Sunday, January 1, 2017

2016: The Best/Worst Year

Over on the Interwebs, lamentations abound on a positively terrible, no good 2016. The loss of beloved celebrities certainly did seem a bit excessive this past year. Nonetheless, Betty White survived and life is allowed to march onward. Much of the doom and gloom can be traced to the election of Donald Trump as King-Emperor. It is yet to be discovered whether he is the reincarnation of Andrew Jackson, Benito Mussolini, Ronald Reagan, or something entirely new. As I told Facebook in November, neither Trump nor Hillary Clinton met my minimum standards to be president. I had dreams of a Rand Paul presidency...dreams dashed by a primary process dominated by The Donald. My fall-back position was the always weird Gary Johnson, whom I knew had no real chance to win. Thus, I was destined to be disappointed. So, indeed, I can understand the "melacholia" that has descended on much of the country. Yet...

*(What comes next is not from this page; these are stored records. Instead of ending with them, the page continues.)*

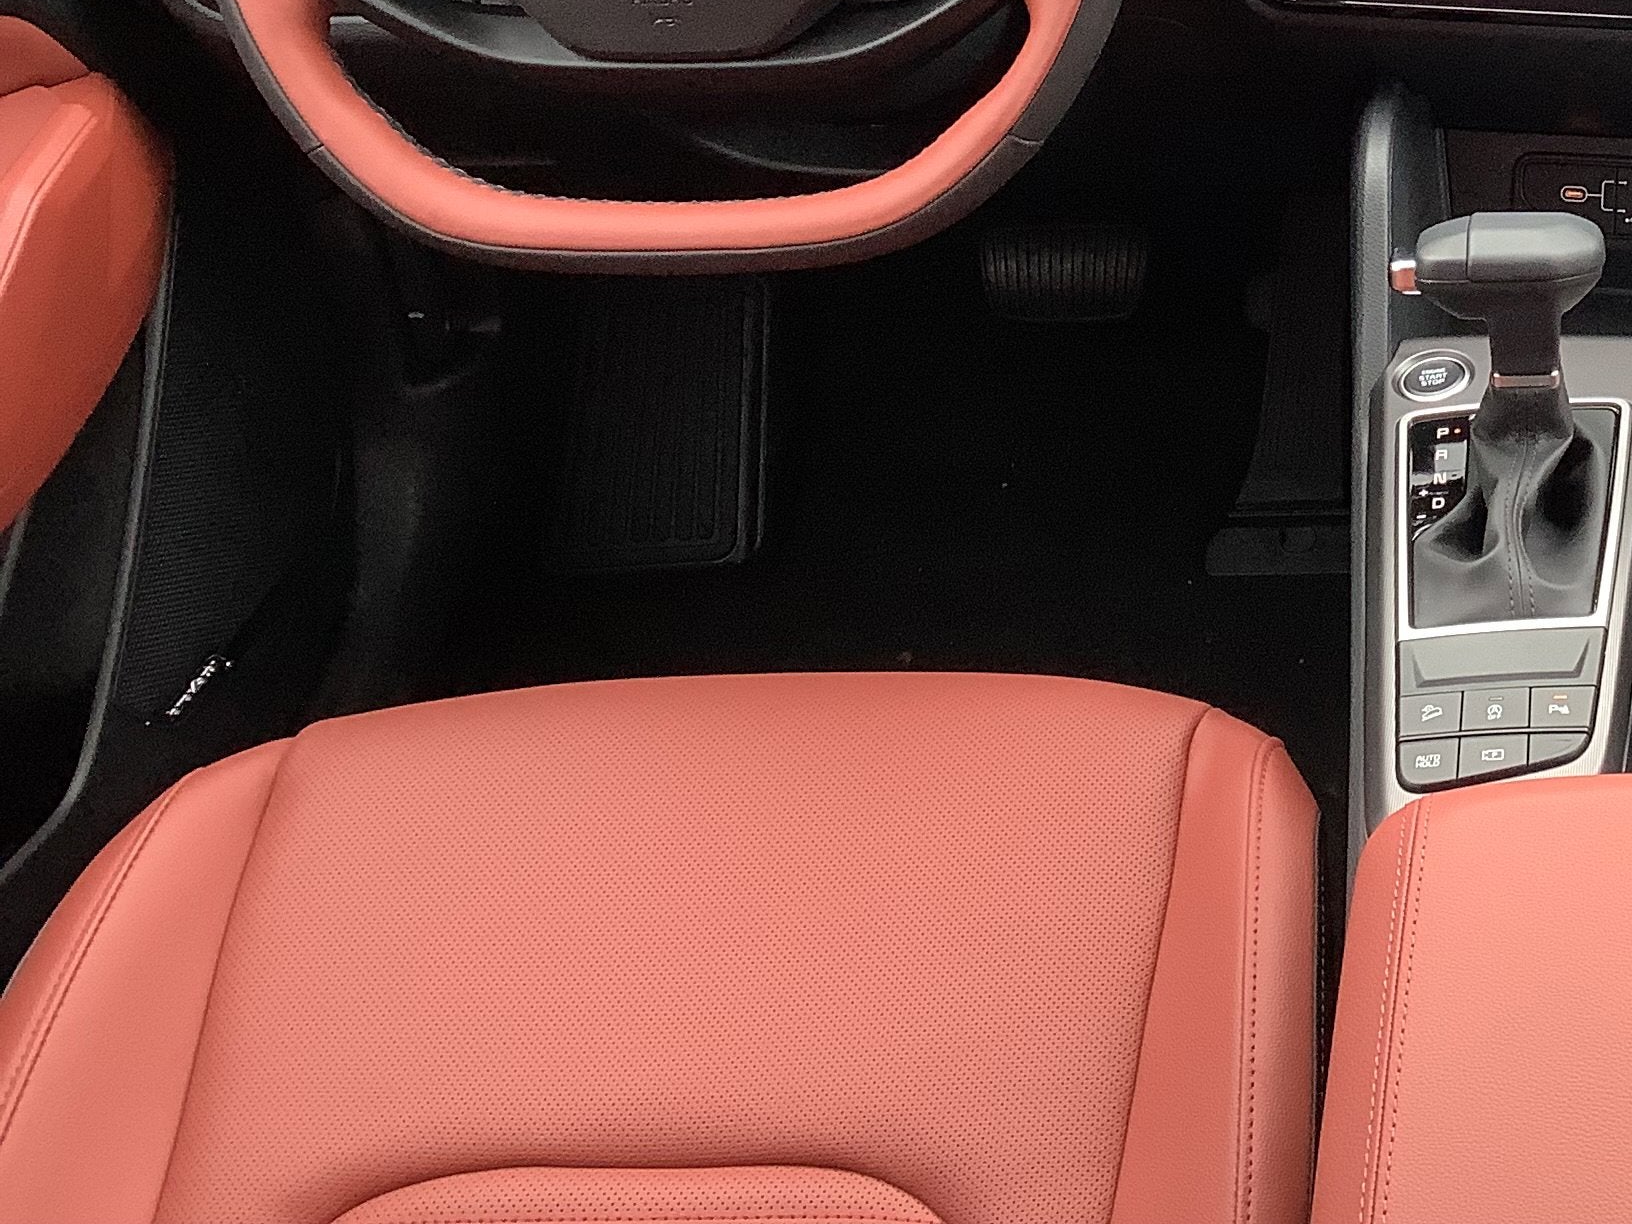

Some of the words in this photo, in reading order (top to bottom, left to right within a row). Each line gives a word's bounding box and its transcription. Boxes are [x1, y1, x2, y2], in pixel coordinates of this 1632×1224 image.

[1418, 372, 1448, 382] START
[1420, 378, 1446, 387] STOP
[1436, 427, 1449, 439] P
[1433, 472, 1447, 485] N
[1431, 497, 1446, 510] D
[1416, 753, 1441, 762] AUTO
[1415, 759, 1441, 769] HOLD

For me, 2016 was an outstanding year. How do you share that kind of news when so many others had such an unpleasant journey around the sun? Nobody wants another person's good fortune rubbed in their face. But for me, writing a book is something I had aimed for since I was a youngster. But I had failed to achieve that goal for the first 20 years of my adult life...and not because I didn't try. I'll be happy to show you the decomposed corpses of my unfinished novels, their pages wrinkled from the now-dried tears born of my abject failure. But this time, I wrote an entire friggin' book...and a bunch of people bought it, read it, and really liked it. I didn't even know whether I was CAPABLE of writing a thoroughly researched non-fiction history of this type. Failure, and the shame that would have accompanied it, was always a possibility.

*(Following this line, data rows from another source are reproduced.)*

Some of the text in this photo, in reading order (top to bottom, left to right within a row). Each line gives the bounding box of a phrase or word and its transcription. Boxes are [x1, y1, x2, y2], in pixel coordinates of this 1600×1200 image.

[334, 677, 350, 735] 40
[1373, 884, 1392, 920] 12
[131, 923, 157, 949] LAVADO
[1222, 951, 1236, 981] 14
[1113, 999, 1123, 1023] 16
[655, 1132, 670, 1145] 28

They always say that hard work pays off. But, jeez, hard work is so...HARD. And between you and me, I was always a little skeptical of hard work. It sounded like the sort of thing that was good for OTHER people...not so much me. A nice theory, but to actually DO it?!? Despite myself, I discovered that it paid off. 2015 was the Year of Unending Labor. That's when 90% of the hard work happened: the dozens of interviews conducted, the scores of hours spent transcribing audiotape, the many days of organizing notes into a logical framework to tell the story of Roy Turner and the Wichita Wings...these were 2015 activities. And that led to 2016 becoming the Year of Grand Success. The spring brought the publication of the book, followed by media appearances, a wonderful sound portrait by NPR-affiliate KMUW, a positive book review in the Wichita Eagle, and a multitude of successful events culminating in what became a Wichita Wings reunion in July. But I don't live in a bubble. My book's success did not insulate me from the tumult in our society.


I wonder whether the widespread hatred of 2016 is a symptom of a bigger problem. In America, and the West in general, we are in the midst of a movement from the post-Cold War era to something new and yet undefined. The ideologies of conservatism and liberalism are becoming less meaningful. American identity is being challenged by racial, sexual, and tribal identity. The new era of industrial and commercial automation will be one with less employment. Self-driving cars mean unemployed drivers. Looking outwards, America's role overseas is uncertain. Are we here to make the world safe for democracy or to secure our interests like any other major power? These issues aren't necessarily something that the average American thinks about. But people are getting that feeling in their bones that something is off...and things are changing. I think all that hate towards 2016 might be related toward this uncertainty about the future. We would be wise to trust our collective gut.